▶ _Extracted material_
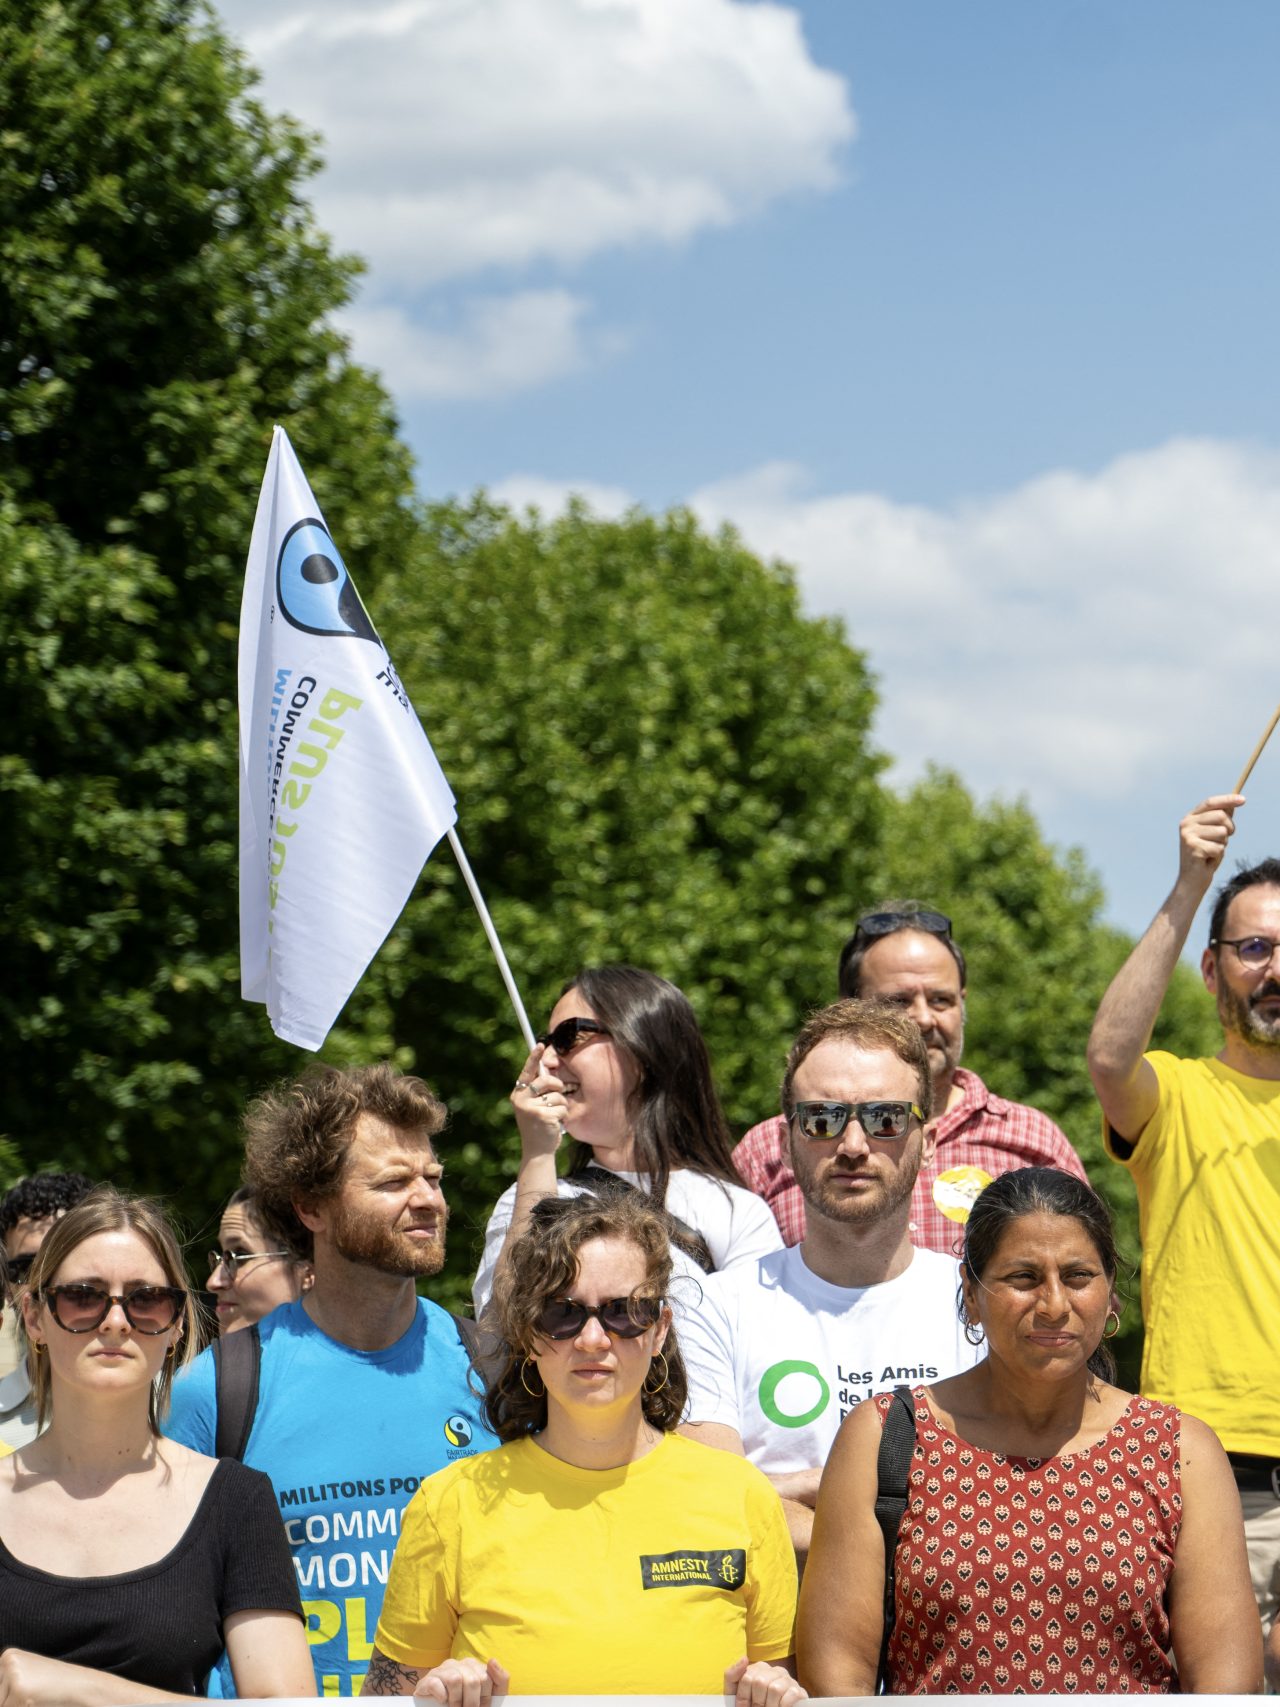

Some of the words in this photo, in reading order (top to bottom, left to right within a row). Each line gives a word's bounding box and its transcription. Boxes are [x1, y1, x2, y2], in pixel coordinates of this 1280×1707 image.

[837, 1365, 873, 1384] Les
[880, 1363, 939, 1382] Amis
[839, 1388, 861, 1406] de
[280, 1478, 386, 1508] MILITONS
[652, 1559, 709, 1574] AMNESTY
[652, 1572, 712, 1582] INTERNATIONAL
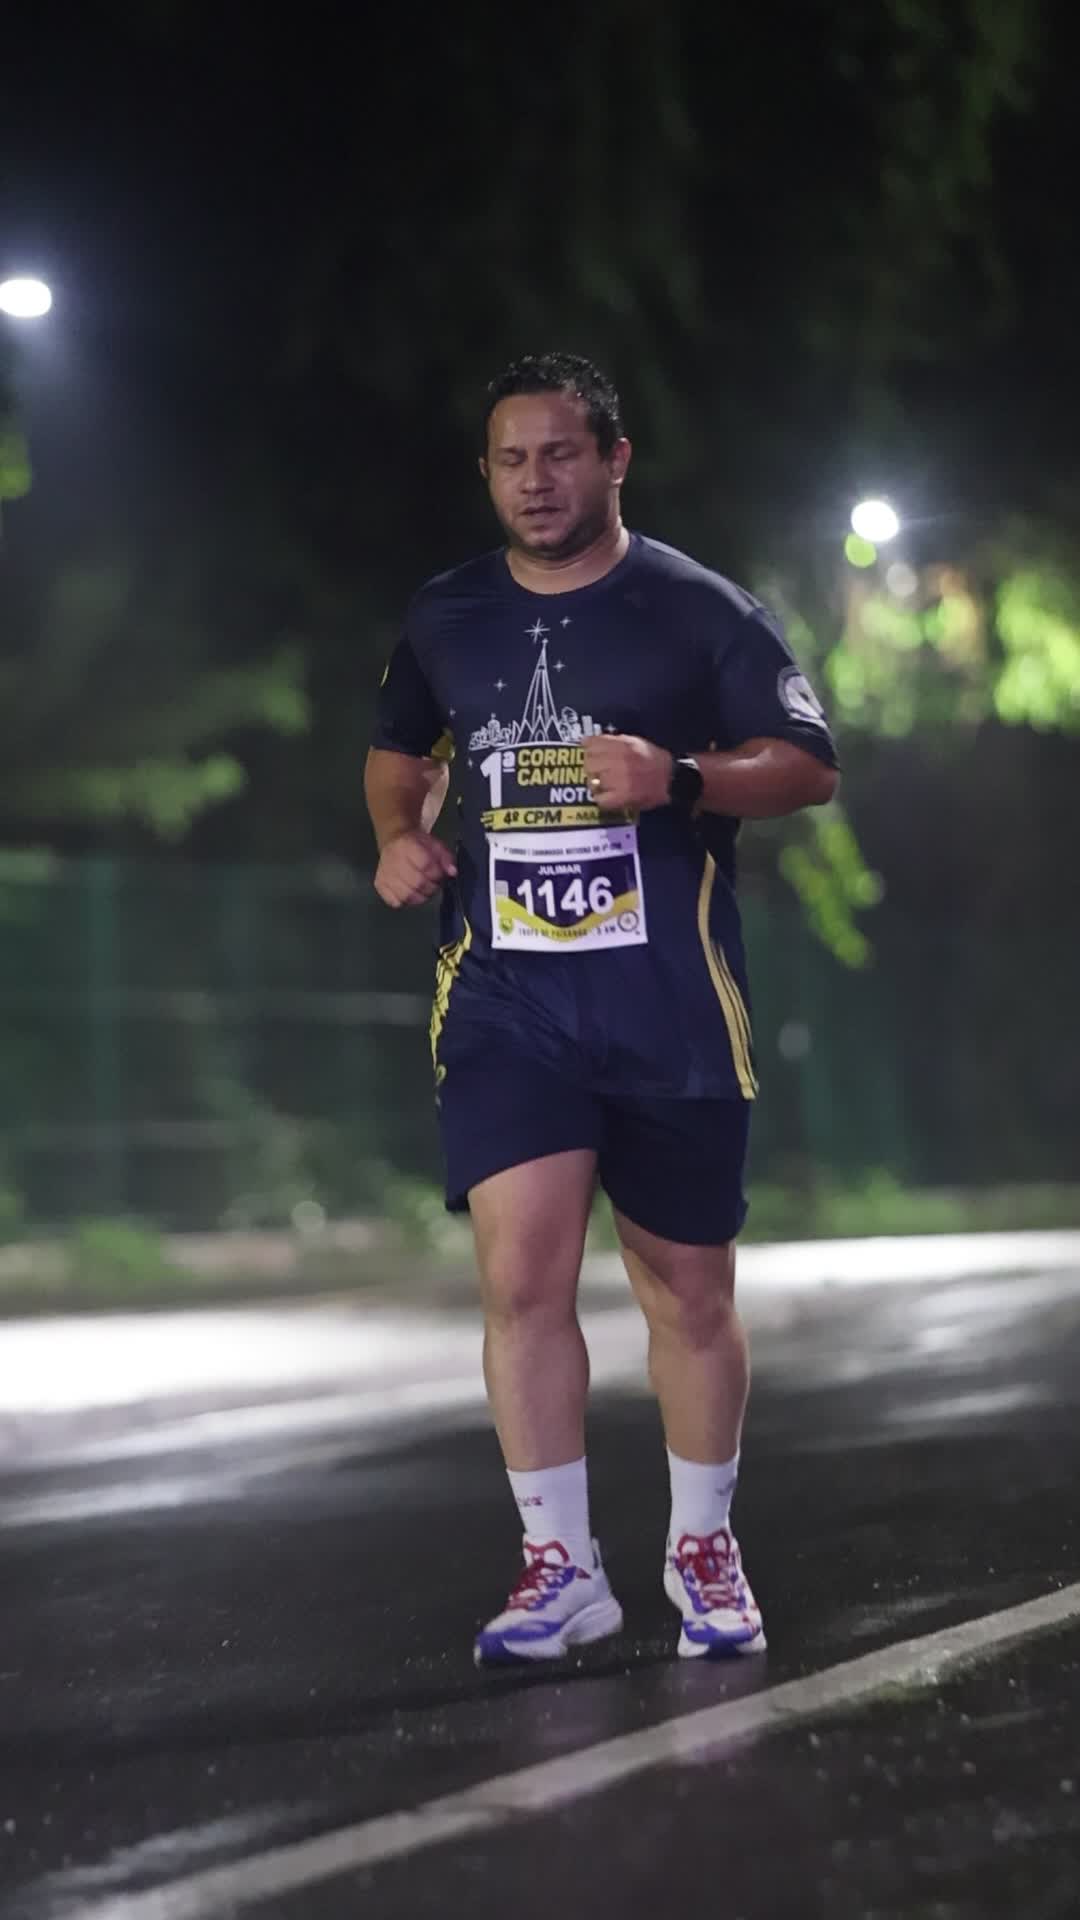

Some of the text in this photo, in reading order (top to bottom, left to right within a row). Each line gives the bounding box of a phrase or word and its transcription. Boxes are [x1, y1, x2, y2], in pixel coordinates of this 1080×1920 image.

[480, 751, 515, 808] 1ª
[524, 809, 562, 824] CPM
[538, 864, 582, 875] JULIMAR
[517, 876, 614, 918] 1146

▶ _Task details_
Retype all of the material above precisely as it reads. Pictures are not part of the copy.

▶ _Output below_
Some of the words in this photo, in reading order (top to bottom, left to right within a row). Each line gives a word's bounding box and its transcription. Boxes are [x1, y1, x2, y2], in pixel coordinates of this 1280×1707 image.

[837, 1365, 873, 1384] Les
[880, 1363, 939, 1382] Amis
[839, 1388, 861, 1406] de
[280, 1478, 386, 1508] MILITONS
[652, 1559, 709, 1574] AMNESTY
[652, 1572, 712, 1582] INTERNATIONAL

Some of the text in this photo, in reading order (top to bottom, left to right within a row). Each line gives the bounding box of a phrase or word and its transcription. Boxes are [x1, y1, x2, y2], in pixel coordinates of this 1080×1920 image.

[480, 751, 515, 808] 1ª
[524, 809, 562, 824] CPM
[538, 864, 582, 875] JULIMAR
[517, 876, 614, 918] 1146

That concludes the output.